Alors que les populismes s’imposent en Europe, On’ vous décrypte ce phénomène dans une série de quatre articles. En Espagne, l’ultradroite conservatrice est incarnée par parti politique Vox, créé en 2013. En 2019, il devient la troisième force politique du pays, en obtenant 15% des voix lors des élections générales. Une ascension fulgurante, due en partie à la stratégie de communication efficace du très jeune parti.

Lors de sa campagne présidentielle de 2022, Jean-Luc Mélenchon (2M d’abonnés sur Tik Tok) avait montré sa maîtrise des codes des réseaux sociaux. Des vidéos postées sur Tik Tok, Instagram ou Youtube associant rap à des montages rapides faisaient régulièrement plusieurs centaines de milliers de vues et de likes. Le leader de la France Insoumise n’est qu’un exemple parmi d’autres d’une présence internet réussie pour un parti politique. Celle-ci est devenue centrale aux campagnes électorales, dans la recherche d’un électorat jeune, souvent désintéressés des moyens de communication plus traditionnels.

Cette méthode, c’est également celle de l’espagnol Santiago Abascal, qui se trouve à l’opposé de l’échiquier politique. A moins de 40 ans, il est le principal responsable du succès du jeune parti d’extrême droite ultraconservateur Vox. Ses résultats à chaque élection parlent d’eux-mêmes.

En avril 2019, les élections générales ont lieu afin d’élire les représentants du Congrès espagnol. Et lors de ce scrutin, le parti Vox, qui n’a auparavant jamais eu de députés, totalise à la surprise générale 10,16% des voix, soit 24 élus. Mais l’incapacité du Congrès à trouver un consensus parmi les élus et à investir un président du gouvernement conduit à l’organisation d’une nouvelle élection, en novembre. Une aubaine pour Vox, qui double ses résultats et obtient 52 députés.

Au niveau local également, Vox jouit d’une implantation locale de plus en plus importante. Avec 17,6% des suffrages, Vox est arrivé en troisième position. Il a ainsi obtenu 13 sièges au parlement régional, alors qu’il n’en possédait qu’un seul lors du mandat précédent.

Ces poussées de croissance sont un peu la marque de fabrique du parti de Santiago Abascal. Il n’est pas la première force politique du pays, loin de là : le PSOE (Parti socialiste) est en première place, avec 120 députés, et le PP (Parti conservateur) le suit avec 88 sièges. Mais, ces deux partis appartiennent à la catégorie des « partis traditionnels », tandis que Vox, né en 2013, est un parti dit « jeune », tout comme son électorat. Une enquête du CIS (Centro de Investigaciones Sociologicas) de 2021 révélait que lors des élections de novembre 2019, l’électorat de Vox trouvait sa part la plus importante dans la tranche des 18 à 34 ans. C’est également le cas de l’autre parti jeune majeur du pays, Unidas Podemos, qui gouverne actuellement avec Pedro Sanchez.

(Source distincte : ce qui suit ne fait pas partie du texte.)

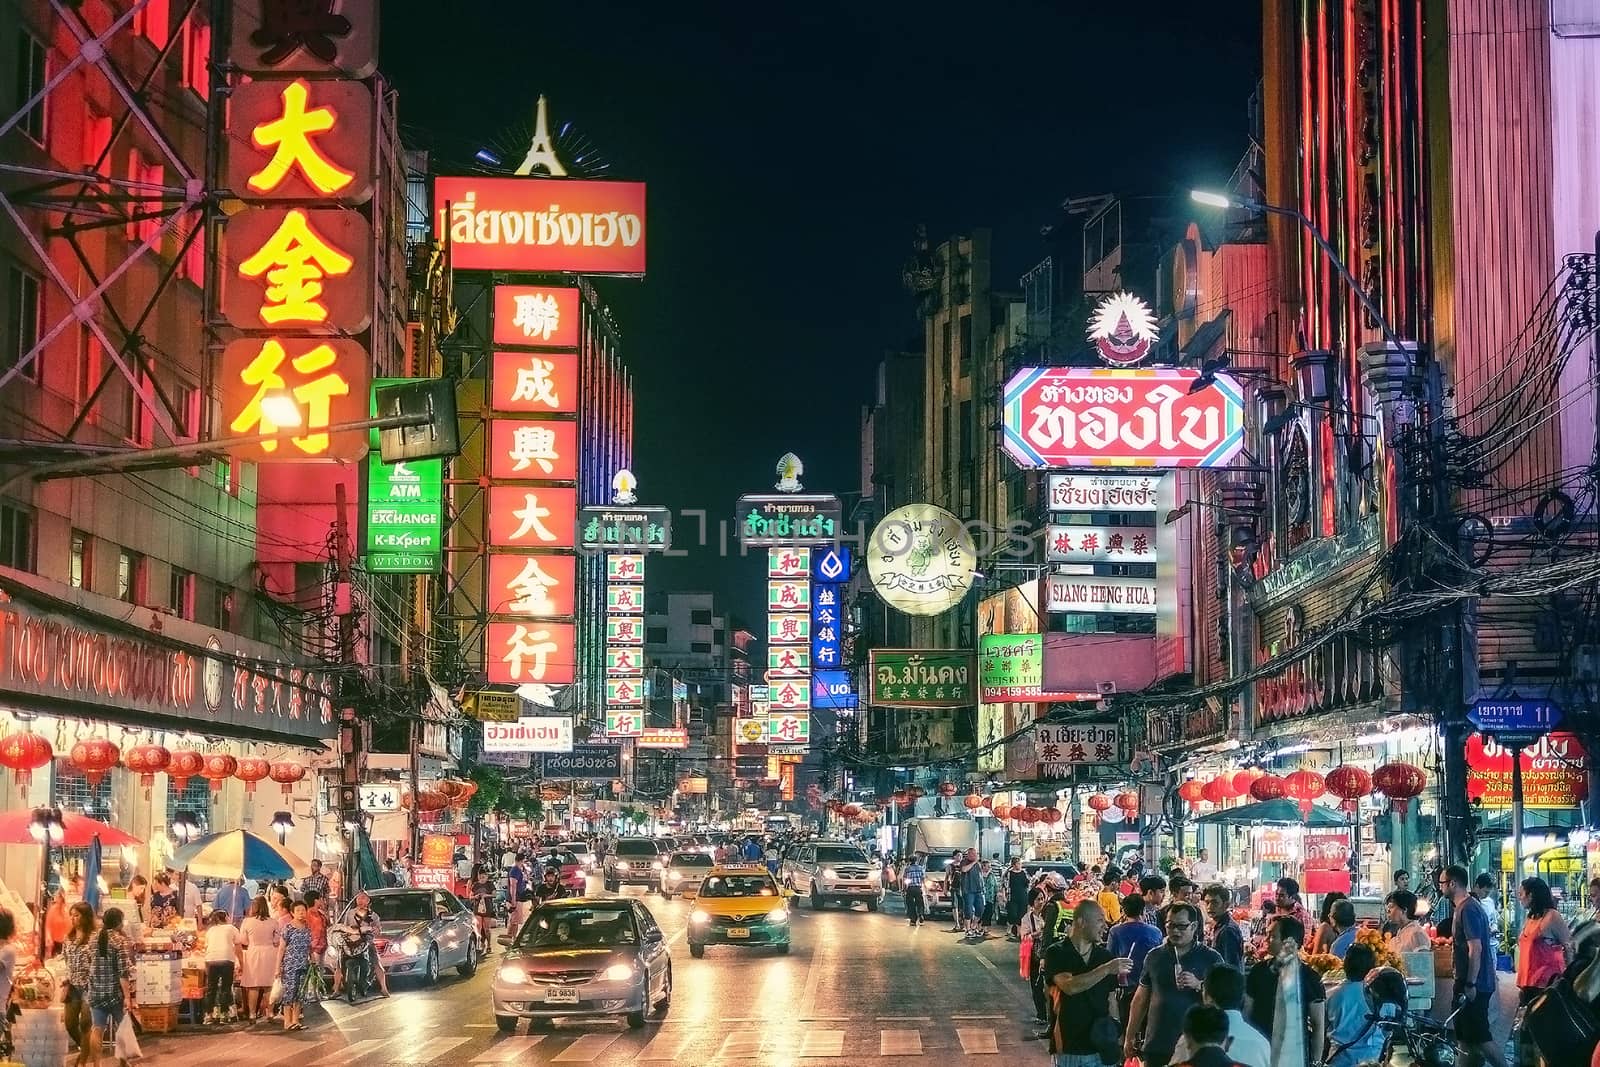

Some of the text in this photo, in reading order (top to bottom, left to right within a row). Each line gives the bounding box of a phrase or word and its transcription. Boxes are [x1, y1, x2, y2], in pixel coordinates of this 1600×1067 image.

[1040, 379, 1133, 404] ห้างทอง
[389, 484, 421, 497] ATM
[502, 293, 561, 681] 聯成興大金行
[372, 514, 437, 525] EXCHANGE
[374, 533, 431, 548] K-Expert
[1053, 533, 1157, 556] 林祥興藥
[374, 557, 434, 566] WISDOM
[1053, 584, 1089, 602] SIANG
[1090, 585, 1123, 604] HENG
[1126, 587, 1150, 605] HUA
[817, 589, 836, 663] 盤谷銀行
[616, 558, 636, 732] 和成興大金行
[778, 553, 801, 739] 和成興大金行
[830, 685, 850, 695] UO
[1478, 705, 1523, 716] เยาวราช

La domination des partis jeunes sur les réseaux sociaux

Il y a une vraie rupture générationnelle en Espagne qui se traduit dans le comportement électoral. Les anciennes générations restent fidèles au bipartisme, tandis que les jeunes de moins de 34 ans, parfois surnommés la « génération de la crise de 2008 » se tournent vers de nouvelles solutions.

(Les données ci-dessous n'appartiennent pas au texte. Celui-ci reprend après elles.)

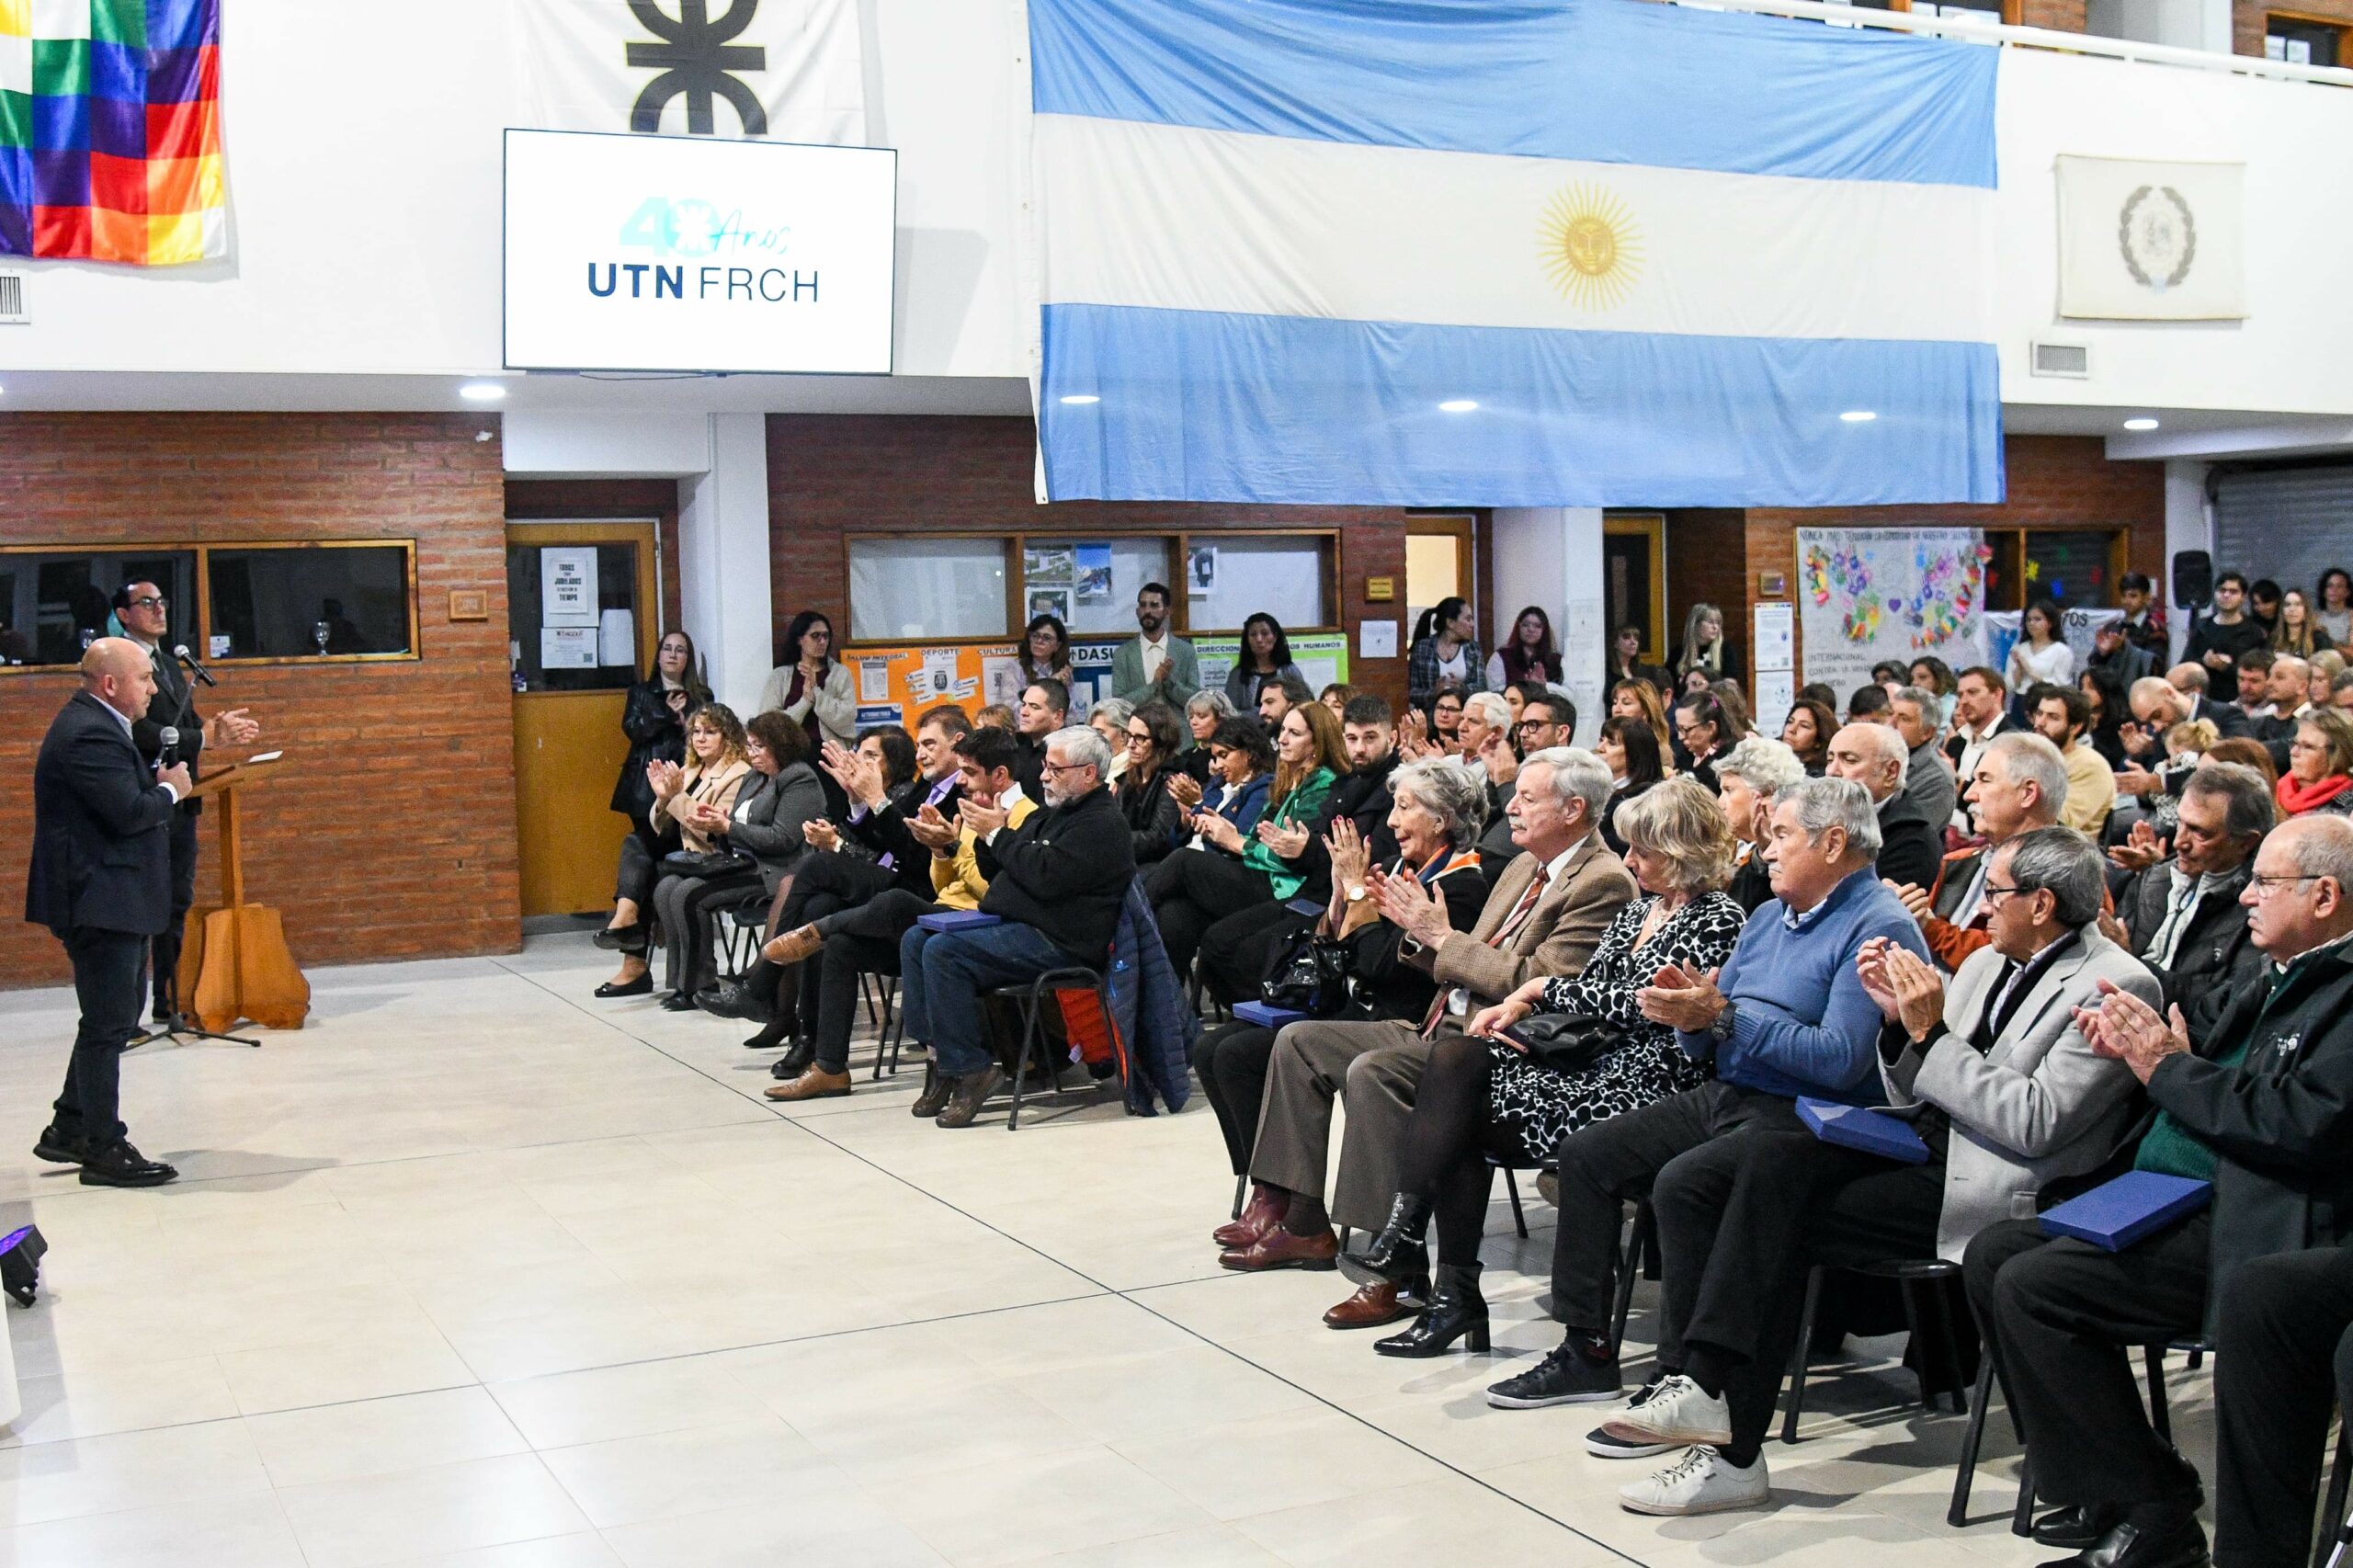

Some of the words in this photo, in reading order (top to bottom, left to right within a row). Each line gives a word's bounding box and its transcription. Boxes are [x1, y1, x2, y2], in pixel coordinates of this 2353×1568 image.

[620, 197, 722, 257] 40
[588, 262, 684, 300] UTN
[700, 267, 818, 302] FRCH
[1303, 642, 1342, 650] HUMANOS
[921, 648, 960, 656] DEPORTE
[978, 647, 1017, 656] CULTURA

Et cette rupture se fait également sentir dans la présence sur internet des partis politiques. En 2019, une enquête d’Epsilon Icaros pour Expansion montrait que Vox et Podemos occupaient de loin la majeure partie de l’espace politique d’internet. Selon l’étude, ils totalisent à eux deux 70% des publications de partis politiques partagées par les internautes. En nombre de followers, Podemos dépassait largement vox, avec plus de 2,7 millions de personnes entre leurs comptes Instagram, Facebook, Twitter, et Youtube ; contre seulement 783 500 pour Vox.

Mais un autre chiffre interpelle : la croissance de la présence internet des deux partis. Aujourd’hui, Podemos domine toujours, avec plus de 3,2 millions de followers en tout, mais Vox a réduit l’écart avec plus de 2,1 millions de followers. Entre février 2019 et novembre 2022, le parti d’ultradroite a donc connu une croissance de 270% dans le nombre de followers sur ces quatre réseaux sociaux principaux.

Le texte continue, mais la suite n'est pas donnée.